▸ **ACTION ITEM**
The full set of records must be printed exactly as given.

▸ **RECORDS FOR THE EXERCISE**
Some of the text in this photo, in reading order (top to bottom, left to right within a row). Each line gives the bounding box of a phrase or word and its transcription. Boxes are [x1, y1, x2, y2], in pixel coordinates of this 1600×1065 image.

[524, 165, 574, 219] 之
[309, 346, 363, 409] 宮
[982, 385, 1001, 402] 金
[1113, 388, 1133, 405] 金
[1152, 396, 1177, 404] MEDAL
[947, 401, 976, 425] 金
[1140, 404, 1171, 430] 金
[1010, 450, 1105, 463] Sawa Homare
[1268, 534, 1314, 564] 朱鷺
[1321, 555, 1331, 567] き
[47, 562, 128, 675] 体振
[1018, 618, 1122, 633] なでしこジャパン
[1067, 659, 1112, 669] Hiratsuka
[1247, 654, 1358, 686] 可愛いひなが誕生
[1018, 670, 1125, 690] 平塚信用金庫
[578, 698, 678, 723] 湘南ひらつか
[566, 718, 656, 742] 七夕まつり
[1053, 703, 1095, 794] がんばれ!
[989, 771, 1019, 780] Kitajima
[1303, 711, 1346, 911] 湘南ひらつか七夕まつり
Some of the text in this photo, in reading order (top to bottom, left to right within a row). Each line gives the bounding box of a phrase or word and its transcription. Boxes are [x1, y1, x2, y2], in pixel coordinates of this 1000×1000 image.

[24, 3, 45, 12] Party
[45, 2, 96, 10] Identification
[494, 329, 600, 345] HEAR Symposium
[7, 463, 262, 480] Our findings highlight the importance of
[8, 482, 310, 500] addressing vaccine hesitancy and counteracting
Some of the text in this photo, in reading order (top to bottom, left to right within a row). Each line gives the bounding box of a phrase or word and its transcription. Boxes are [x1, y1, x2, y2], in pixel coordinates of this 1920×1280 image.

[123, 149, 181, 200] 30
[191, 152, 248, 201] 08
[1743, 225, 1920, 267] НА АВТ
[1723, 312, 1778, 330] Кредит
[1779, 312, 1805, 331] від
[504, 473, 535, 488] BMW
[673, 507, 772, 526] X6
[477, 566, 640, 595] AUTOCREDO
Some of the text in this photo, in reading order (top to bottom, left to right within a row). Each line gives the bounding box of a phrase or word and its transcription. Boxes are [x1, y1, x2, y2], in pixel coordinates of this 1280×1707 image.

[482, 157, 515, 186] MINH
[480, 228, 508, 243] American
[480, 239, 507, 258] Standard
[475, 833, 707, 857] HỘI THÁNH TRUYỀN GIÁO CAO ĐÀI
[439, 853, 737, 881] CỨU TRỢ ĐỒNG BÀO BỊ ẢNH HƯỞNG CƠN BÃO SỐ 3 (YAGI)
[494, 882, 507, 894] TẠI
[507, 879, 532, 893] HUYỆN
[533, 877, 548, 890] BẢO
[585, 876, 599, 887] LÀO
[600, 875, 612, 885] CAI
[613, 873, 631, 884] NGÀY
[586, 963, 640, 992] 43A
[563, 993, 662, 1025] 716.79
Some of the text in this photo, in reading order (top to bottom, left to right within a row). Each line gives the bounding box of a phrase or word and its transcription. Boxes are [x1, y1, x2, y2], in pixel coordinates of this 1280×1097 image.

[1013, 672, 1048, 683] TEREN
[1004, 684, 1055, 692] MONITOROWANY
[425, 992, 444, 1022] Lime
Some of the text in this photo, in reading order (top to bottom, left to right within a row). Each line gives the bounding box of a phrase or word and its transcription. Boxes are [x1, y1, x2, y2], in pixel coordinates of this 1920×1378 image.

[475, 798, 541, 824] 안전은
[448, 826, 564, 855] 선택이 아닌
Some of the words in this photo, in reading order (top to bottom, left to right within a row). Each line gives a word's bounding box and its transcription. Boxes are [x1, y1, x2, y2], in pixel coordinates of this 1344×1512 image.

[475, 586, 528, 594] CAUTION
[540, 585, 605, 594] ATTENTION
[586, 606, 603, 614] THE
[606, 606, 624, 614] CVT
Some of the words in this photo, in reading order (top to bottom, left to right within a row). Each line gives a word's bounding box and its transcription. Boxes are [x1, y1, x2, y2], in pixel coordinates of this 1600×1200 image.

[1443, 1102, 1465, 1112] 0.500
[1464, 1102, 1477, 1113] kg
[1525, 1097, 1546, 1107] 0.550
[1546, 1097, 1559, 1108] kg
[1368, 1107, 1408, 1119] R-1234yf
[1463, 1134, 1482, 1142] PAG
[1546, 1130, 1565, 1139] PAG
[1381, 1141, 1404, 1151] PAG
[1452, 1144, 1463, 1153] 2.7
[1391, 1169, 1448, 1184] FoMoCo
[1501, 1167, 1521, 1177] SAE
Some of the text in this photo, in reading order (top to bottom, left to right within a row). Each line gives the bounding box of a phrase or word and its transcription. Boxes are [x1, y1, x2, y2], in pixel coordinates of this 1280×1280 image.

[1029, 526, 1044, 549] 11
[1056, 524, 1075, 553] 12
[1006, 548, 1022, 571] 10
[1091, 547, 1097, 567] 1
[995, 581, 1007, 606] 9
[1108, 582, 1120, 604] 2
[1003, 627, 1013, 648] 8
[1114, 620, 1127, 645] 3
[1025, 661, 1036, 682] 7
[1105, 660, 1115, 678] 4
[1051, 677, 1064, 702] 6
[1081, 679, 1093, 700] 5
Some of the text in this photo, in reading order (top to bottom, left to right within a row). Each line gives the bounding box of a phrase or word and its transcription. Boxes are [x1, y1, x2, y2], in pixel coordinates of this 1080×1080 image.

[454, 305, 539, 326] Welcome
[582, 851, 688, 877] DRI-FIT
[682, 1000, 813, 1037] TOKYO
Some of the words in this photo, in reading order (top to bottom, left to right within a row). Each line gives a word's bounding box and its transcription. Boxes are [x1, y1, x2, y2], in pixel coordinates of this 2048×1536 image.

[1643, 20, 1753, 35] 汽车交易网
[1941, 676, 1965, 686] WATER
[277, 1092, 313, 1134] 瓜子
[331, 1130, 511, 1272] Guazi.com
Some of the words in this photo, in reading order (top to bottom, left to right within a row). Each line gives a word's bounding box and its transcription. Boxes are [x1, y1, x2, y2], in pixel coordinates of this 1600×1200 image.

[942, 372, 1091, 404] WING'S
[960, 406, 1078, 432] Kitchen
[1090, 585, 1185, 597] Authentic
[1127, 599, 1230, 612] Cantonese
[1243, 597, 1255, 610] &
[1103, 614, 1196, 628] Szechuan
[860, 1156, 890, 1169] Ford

▸ **RESPONSE**
Some of the text in this photo, in reading order (top to bottom, left to right within a row). Each line gives the bounding box of a phrase or word and its transcription. Boxes are [x1, y1, x2, y2], in pixel coordinates of this 1600×1065 image.

[524, 165, 574, 219] 之
[309, 346, 363, 409] 宮
[982, 385, 1001, 402] 金
[1113, 388, 1133, 405] 金
[1152, 396, 1177, 404] MEDAL
[947, 401, 976, 425] 金
[1140, 404, 1171, 430] 金
[1010, 450, 1105, 463] Sawa Homare
[1268, 534, 1314, 564] 朱鷺
[1321, 555, 1331, 567] き
[47, 562, 128, 675] 体振
[1018, 618, 1122, 633] なでしこジャパン
[1067, 659, 1112, 669] Hiratsuka
[1247, 654, 1358, 686] 可愛いひなが誕生
[1018, 670, 1125, 690] 平塚信用金庫
[578, 698, 678, 723] 湘南ひらつか
[566, 718, 656, 742] 七夕まつり
[1053, 703, 1095, 794] がんばれ!
[989, 771, 1019, 780] Kitajima
[1303, 711, 1346, 911] 湘南ひらつか七夕まつり
Some of the text in this photo, in reading order (top to bottom, left to right within a row). Each line gives the bounding box of a phrase or word and its transcription. Boxes are [x1, y1, x2, y2], in pixel coordinates of this 1000×1000 image.

[24, 3, 45, 12] Party
[45, 2, 96, 10] Identification
[494, 329, 600, 345] HEAR Symposium
[7, 463, 262, 480] Our findings highlight the importance of
[8, 482, 310, 500] addressing vaccine hesitancy and counteracting
Some of the text in this photo, in reading order (top to bottom, left to right within a row). Each line gives the bounding box of a phrase or word and its transcription. Boxes are [x1, y1, x2, y2], in pixel coordinates of this 1920×1280 image.

[123, 149, 181, 200] 30
[191, 152, 248, 201] 08
[1743, 225, 1920, 267] НА АВТ
[1723, 312, 1778, 330] Кредит
[1779, 312, 1805, 331] від
[504, 473, 535, 488] BMW
[673, 507, 772, 526] X6
[477, 566, 640, 595] AUTOCREDO
Some of the text in this photo, in reading order (top to bottom, left to right within a row). Each line gives the bounding box of a phrase or word and its transcription. Boxes are [x1, y1, x2, y2], in pixel coordinates of this 1280×1707 image.

[482, 157, 515, 186] MINH
[480, 228, 508, 243] American
[480, 239, 507, 258] Standard
[475, 833, 707, 857] HỘI THÁNH TRUYỀN GIÁO CAO ĐÀI
[439, 853, 737, 881] CỨU TRỢ ĐỒNG BÀO BỊ ẢNH HƯỞNG CƠN BÃO SỐ 3 (YAGI)
[494, 882, 507, 894] TẠI
[507, 879, 532, 893] HUYỆN
[533, 877, 548, 890] BẢO
[585, 876, 599, 887] LÀO
[600, 875, 612, 885] CAI
[613, 873, 631, 884] NGÀY
[586, 963, 640, 992] 43A
[563, 993, 662, 1025] 716.79
Some of the text in this photo, in reading order (top to bottom, left to right within a row). Each line gives the bounding box of a phrase or word and its transcription. Boxes are [x1, y1, x2, y2], in pixel coordinates of this 1280×1097 image.

[1013, 672, 1048, 683] TEREN
[1004, 684, 1055, 692] MONITOROWANY
[425, 992, 444, 1022] Lime
Some of the text in this photo, in reading order (top to bottom, left to right within a row). Each line gives the bounding box of a phrase or word and its transcription. Boxes are [x1, y1, x2, y2], in pixel coordinates of this 1920×1378 image.

[475, 798, 541, 824] 안전은
[448, 826, 564, 855] 선택이 아닌
Some of the words in this photo, in reading order (top to bottom, left to right within a row). Each line gives a word's bounding box and its transcription. Boxes are [x1, y1, x2, y2], in pixel coordinates of this 1344×1512 image.

[475, 586, 528, 594] CAUTION
[540, 585, 605, 594] ATTENTION
[586, 606, 603, 614] THE
[606, 606, 624, 614] CVT
Some of the words in this photo, in reading order (top to bottom, left to right within a row). Each line gives a word's bounding box and its transcription. Boxes are [x1, y1, x2, y2], in pixel coordinates of this 1600×1200 image.

[1443, 1102, 1465, 1112] 0.500
[1464, 1102, 1477, 1113] kg
[1525, 1097, 1546, 1107] 0.550
[1546, 1097, 1559, 1108] kg
[1368, 1107, 1408, 1119] R-1234yf
[1463, 1134, 1482, 1142] PAG
[1546, 1130, 1565, 1139] PAG
[1381, 1141, 1404, 1151] PAG
[1452, 1144, 1463, 1153] 2.7
[1391, 1169, 1448, 1184] FoMoCo
[1501, 1167, 1521, 1177] SAE
Some of the text in this photo, in reading order (top to bottom, left to right within a row). Each line gives the bounding box of a phrase or word and its transcription. Boxes are [x1, y1, x2, y2], in pixel coordinates of this 1280×1280 image.

[1029, 526, 1044, 549] 11
[1056, 524, 1075, 553] 12
[1006, 548, 1022, 571] 10
[1091, 547, 1097, 567] 1
[995, 581, 1007, 606] 9
[1108, 582, 1120, 604] 2
[1003, 627, 1013, 648] 8
[1114, 620, 1127, 645] 3
[1025, 661, 1036, 682] 7
[1105, 660, 1115, 678] 4
[1051, 677, 1064, 702] 6
[1081, 679, 1093, 700] 5
Some of the text in this photo, in reading order (top to bottom, left to right within a row). Each line gives the bounding box of a phrase or word and its transcription. Boxes are [x1, y1, x2, y2], in pixel coordinates of this 1080×1080 image.

[454, 305, 539, 326] Welcome
[582, 851, 688, 877] DRI-FIT
[682, 1000, 813, 1037] TOKYO
Some of the words in this photo, in reading order (top to bottom, left to right within a row). Each line gives a word's bounding box and its transcription. Boxes are [x1, y1, x2, y2], in pixel coordinates of this 2048×1536 image.

[1643, 20, 1753, 35] 汽车交易网
[1941, 676, 1965, 686] WATER
[277, 1092, 313, 1134] 瓜子
[331, 1130, 511, 1272] Guazi.com
Some of the words in this photo, in reading order (top to bottom, left to right within a row). Each line gives a word's bounding box and its transcription. Boxes are [x1, y1, x2, y2], in pixel coordinates of this 1600×1200 image.

[942, 372, 1091, 404] WING'S
[960, 406, 1078, 432] Kitchen
[1090, 585, 1185, 597] Authentic
[1127, 599, 1230, 612] Cantonese
[1243, 597, 1255, 610] &
[1103, 614, 1196, 628] Szechuan
[860, 1156, 890, 1169] Ford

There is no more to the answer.